Starlink satellites travel across the sky in trains, typically at an altitude of about 335 miles, and can be seen from the ground in the right conditions. They often confuse people who don’t know about the project, whose network now spans more than 40 countries and territories.
Saturday night’s launch marked SpaceX’s 43rd Starlink deployment this year, including another earlier this month observed on Sept. 5 in Pennsylvania.
The 229-foot-tall Falcon 9 rocket, seen in the sky Saturday, carried 52 Starlink satellites. SpaceX eventually plans to have 4,400 satellites in orbit as part of its initial deployment. The company’s Starlink mission is one of several similar projects — including Amazon’s Kuiper project, China’s Hongyan and OneWeb — aiming to expand internet access with satellites in low-Earth orbit.
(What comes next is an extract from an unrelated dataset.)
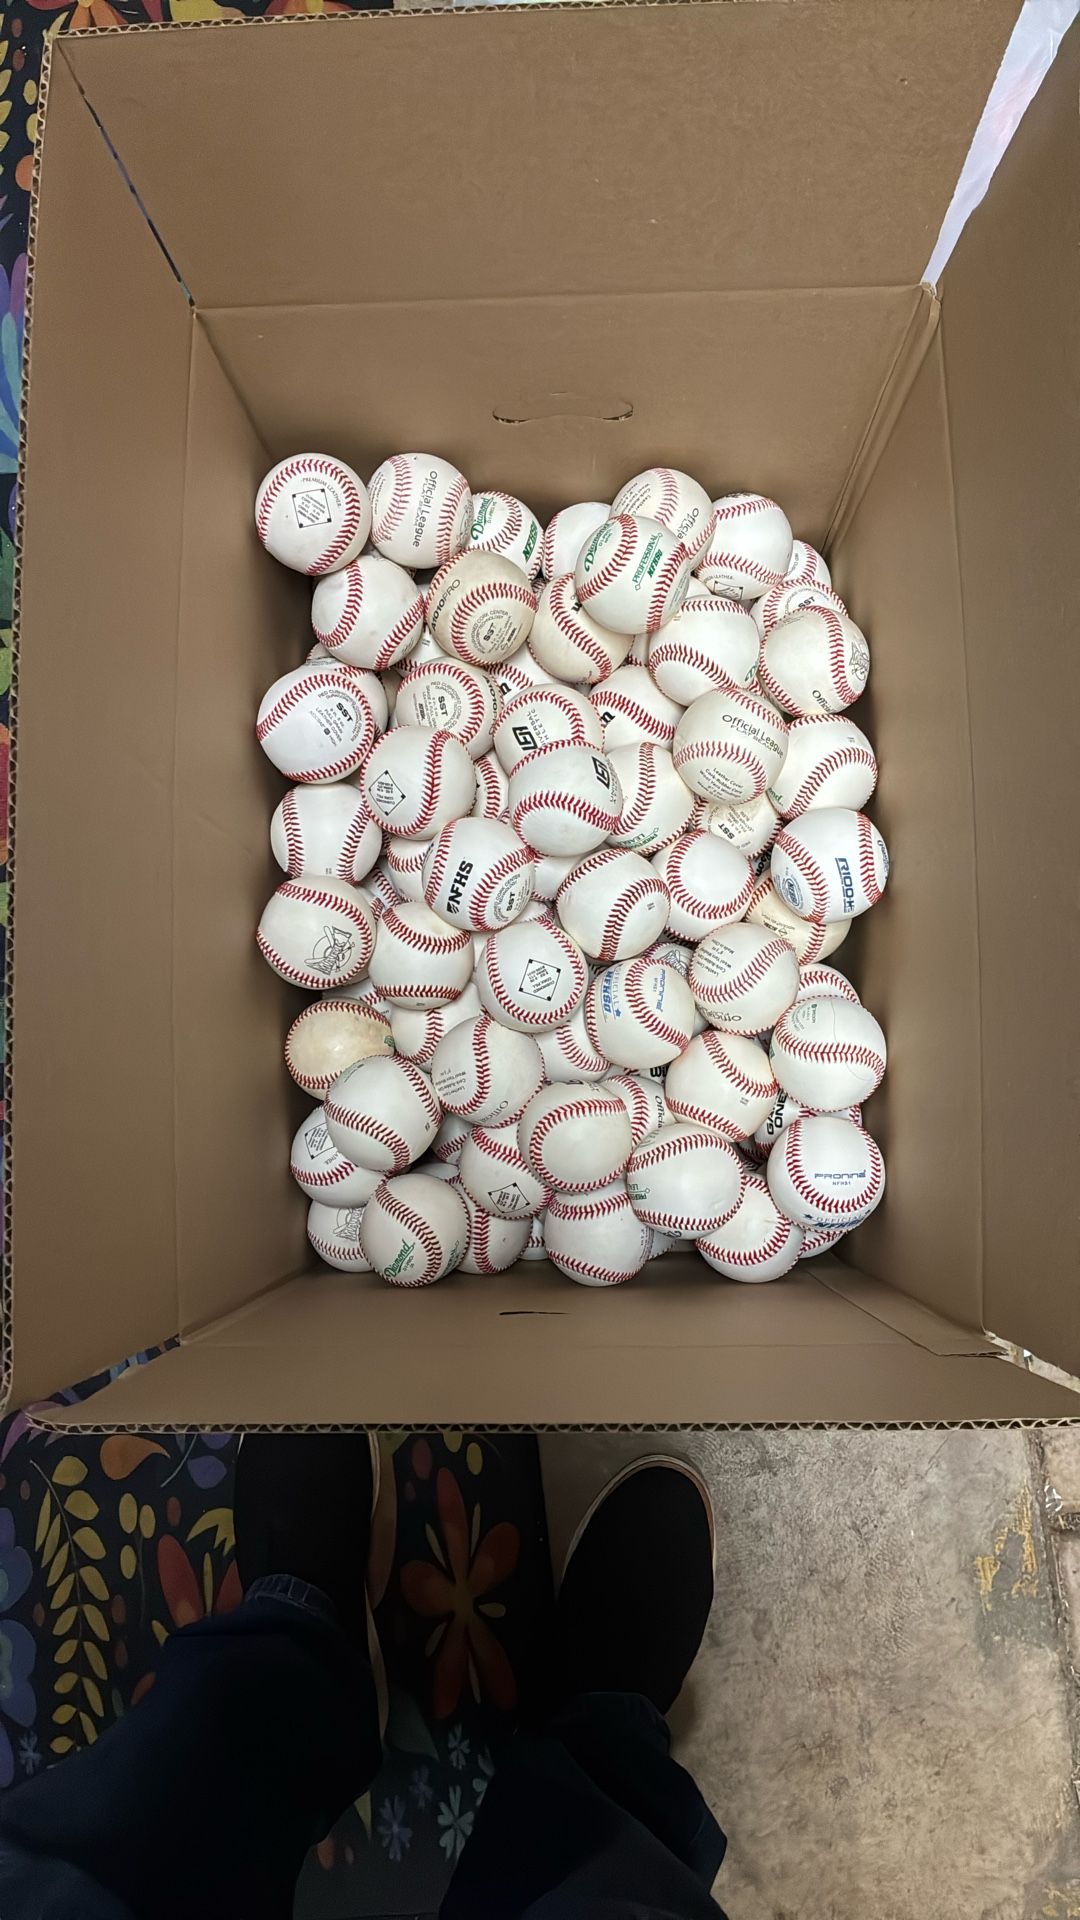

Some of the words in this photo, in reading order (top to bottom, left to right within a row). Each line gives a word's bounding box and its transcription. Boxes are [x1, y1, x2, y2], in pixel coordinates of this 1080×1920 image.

Given the brightness of the satellites, some astronomers have expressed concerns that these constellations could disrupt space observation by reducing visibility. SpaceX has since started installing sunshades on its satellites to lower their brightness. The company plans to begin launching much larger Starlink Version 2 satellites next year, which will connect directly to smartphones as part of a partnership with T-Mobile to reduce dead spots.
If you happened to catch a glimpse of the Falcon 9 rocket launch from the Delaware Valley, it wasn’t anything extraterrestrial. It was just a routine update of one of Elon Musk’s ambitious plans in space.